Caso 69 Gaycoins: teria a Apple desejado causar danos psicológicos aos seus clientes?

Um cidadão russo entrou na justiça com um processo contra a Apple por danos morais, argumentando que um aplicativo do iPhone o tornou homossexual.

Segundo matéria que teve acesso a cópia da denúncia, publicada na revista Exame, no dia 03 de outubro de 2019, o autor da ação pediu uma indenização de cerca de US$ 15 mil por danos morais e psicológicos, depois de ter recebido uma criptomoeda chamada “GayCoin” por meio de um aplicativo do smartphone, no lugar dos bitcoins que havia comprado.
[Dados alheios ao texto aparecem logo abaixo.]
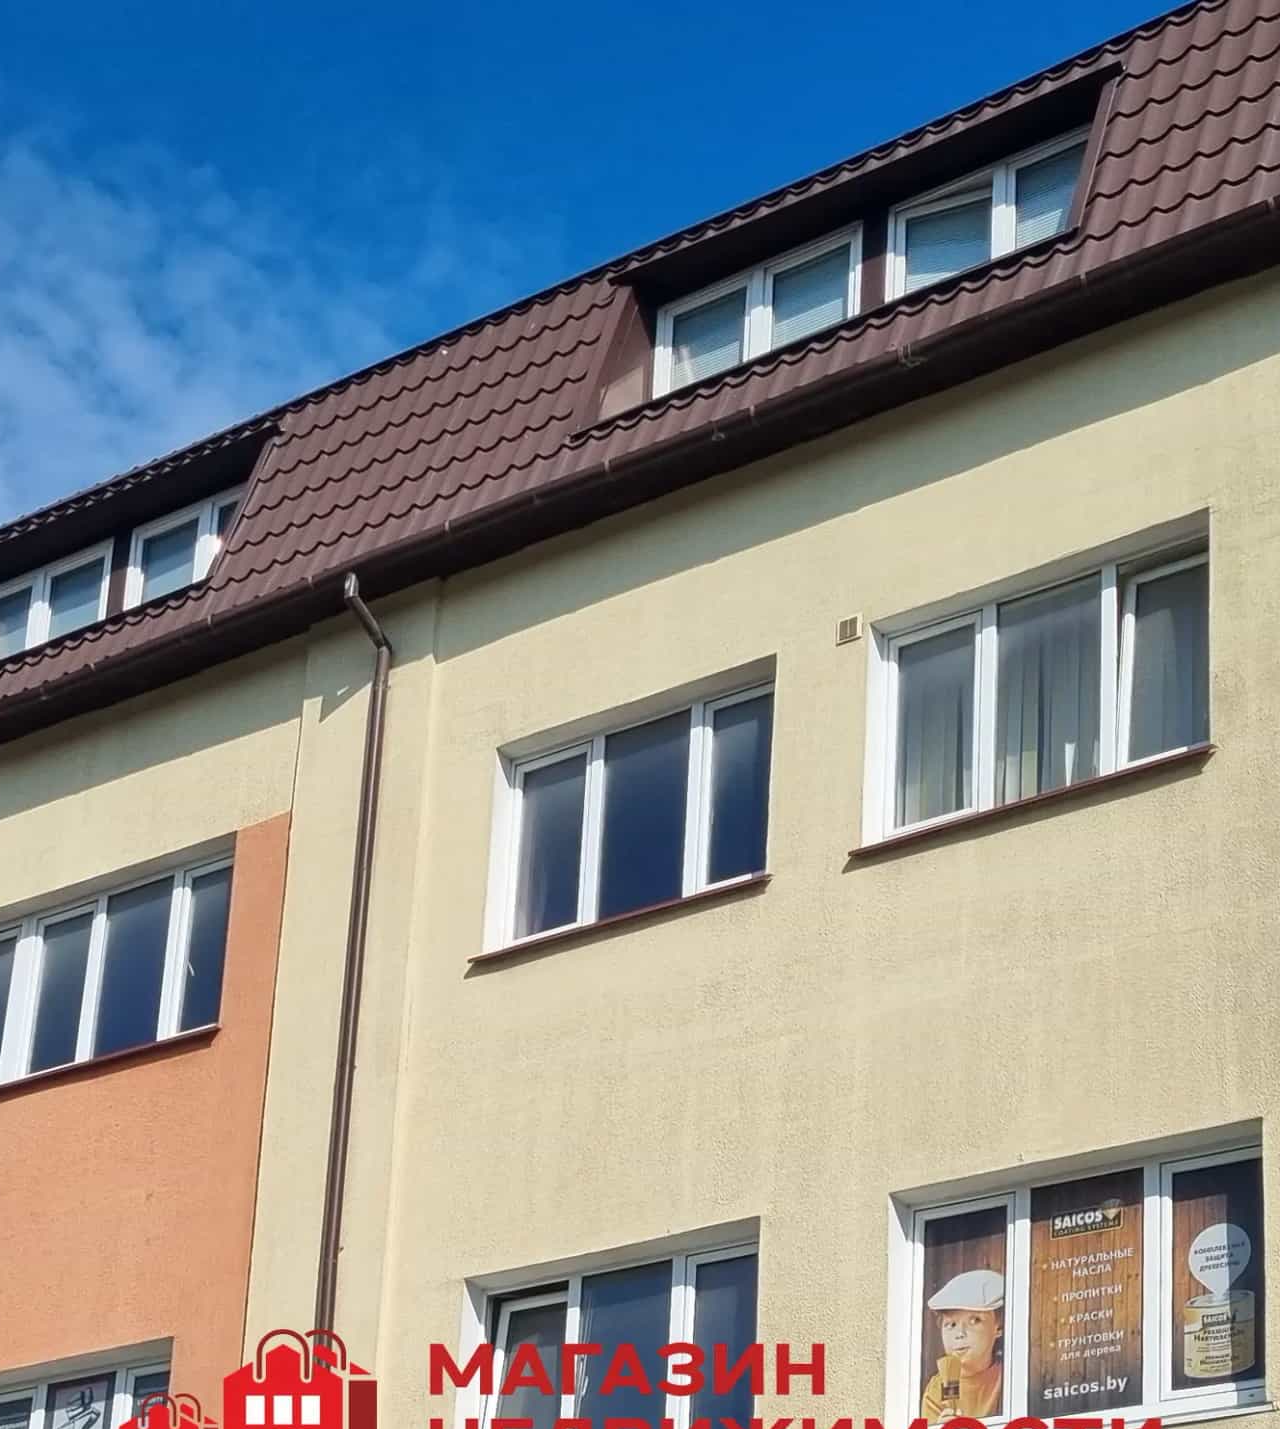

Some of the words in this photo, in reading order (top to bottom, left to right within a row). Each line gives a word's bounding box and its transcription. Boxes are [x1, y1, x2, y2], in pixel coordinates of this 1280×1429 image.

[1054, 1208, 1104, 1230] SAICOS
[1051, 1247, 1135, 1270] НАТУРАЛЬНЫЕ
[1061, 1284, 1122, 1303] ПРОПИТКИ
[1069, 1307, 1113, 1324] КРАСКИ
[1058, 1329, 1124, 1349] ГРУНТОВКИ
[1060, 1350, 1081, 1361] для
[1083, 1344, 1121, 1359] дерева
[1043, 1375, 1129, 1400] saicos.by
Mas, afinal, é possível isso?

Como entender esse pedido à luz da psicologia e do direito?

Por definição, o dano psíquico pode ser compreendido como uma moléstia ou perturbação de cunho psicopatológico nova na biografia de uma pessoa, que tenha relação a um evento traumático na vida de uma pessoa, estabelecendo assim o nexo causal.

Já o trauma, do ponto de vista psicológico, é resultado de um evento externo que tem o poder de alterar significativamente a qualidade de vida de um individuo, obviamente produzindo uma experiência que gera sofrimento em quem a vivência, sendo interpretada subjetivamente como um evento nefasto e prejudicial.

A matéria relativa a dano de caráter psicológico no âmbito legal possui obviamente relação com o campo da psicologia jurídica, subespecialidade das ciências psicológicas.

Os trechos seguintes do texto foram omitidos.